__PROBLEM REQUIREMENTS__
Would you output all the lines below precisely as they stand, leaving each picture out?

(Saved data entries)
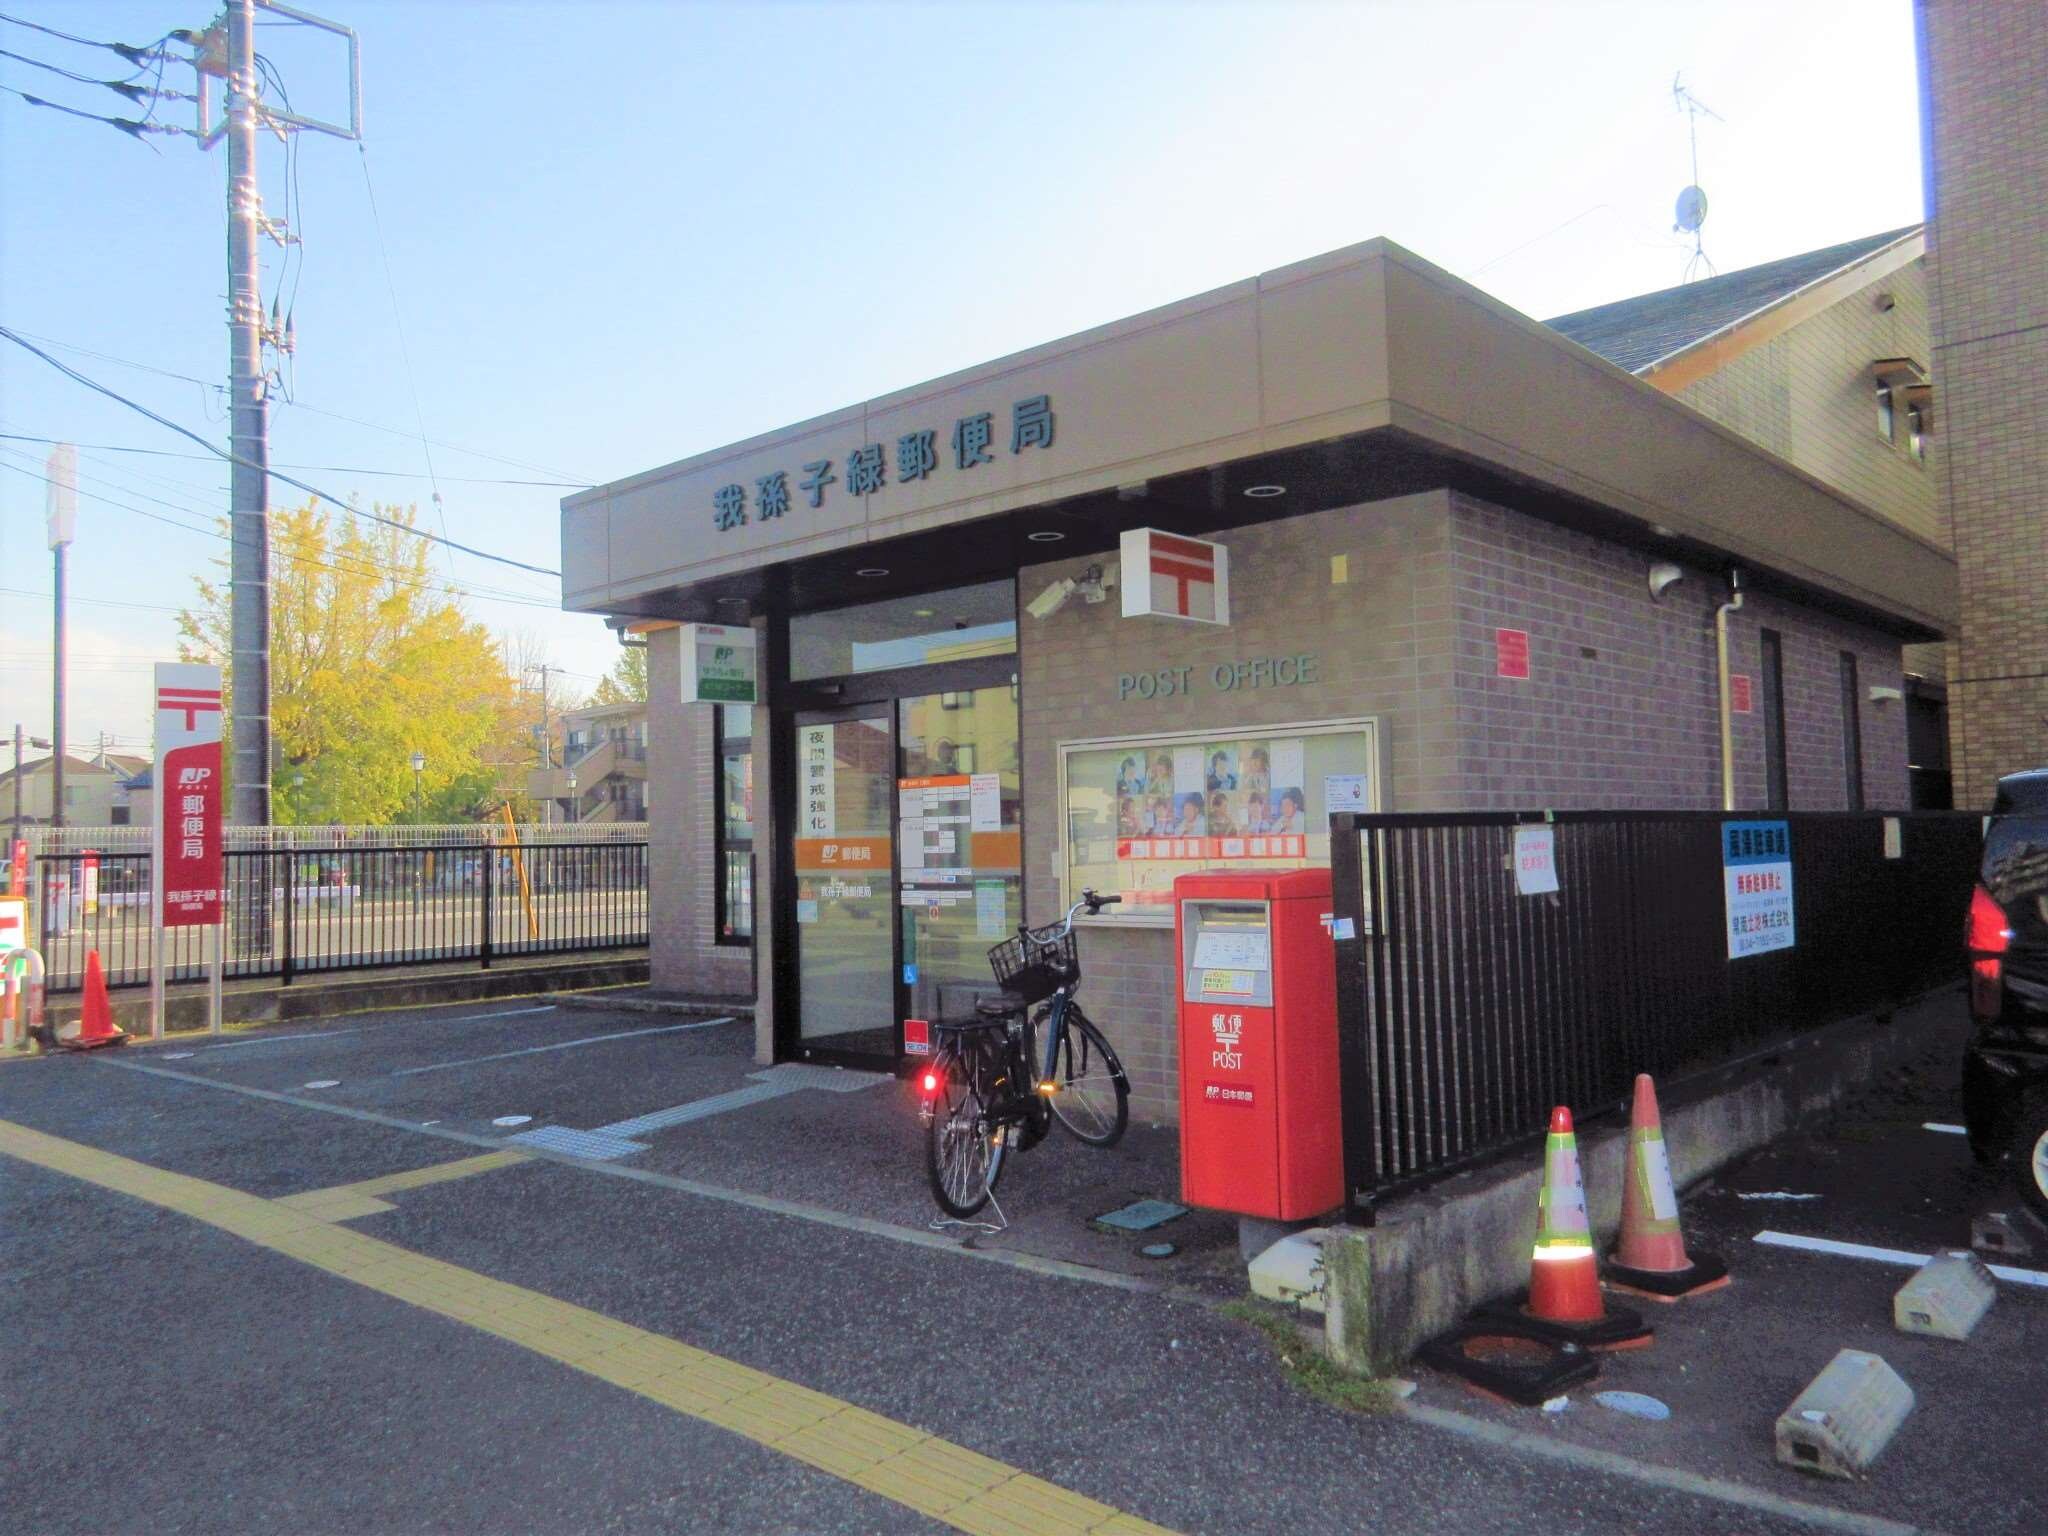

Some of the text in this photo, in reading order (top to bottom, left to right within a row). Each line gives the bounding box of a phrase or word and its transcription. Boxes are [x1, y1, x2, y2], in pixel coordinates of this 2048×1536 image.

[713, 394, 1054, 531] 我孫子緑郵便局
[1119, 654, 1318, 700] POST OFFICE
[810, 731, 826, 829] 夜間警戒強化
[181, 795, 204, 859] 郵便局
[842, 847, 871, 861] 郵便局
[167, 890, 216, 903] 我孫子緑
[1212, 1014, 1242, 1034] 郵便
[1213, 1051, 1242, 1070] POST

__TASK RESPONSE__
Some of the text in this photo, in reading order (top to bottom, left to right within a row). Each line gives the bounding box of a phrase or word and its transcription. Boxes are [x1, y1, x2, y2], in pixel coordinates of this 2048×1536 image.

[713, 394, 1054, 531] 我孫子緑郵便局
[1119, 654, 1318, 700] POST OFFICE
[810, 731, 826, 829] 夜間警戒強化
[181, 795, 204, 859] 郵便局
[842, 847, 871, 861] 郵便局
[167, 890, 216, 903] 我孫子緑
[1212, 1014, 1242, 1034] 郵便
[1213, 1051, 1242, 1070] POST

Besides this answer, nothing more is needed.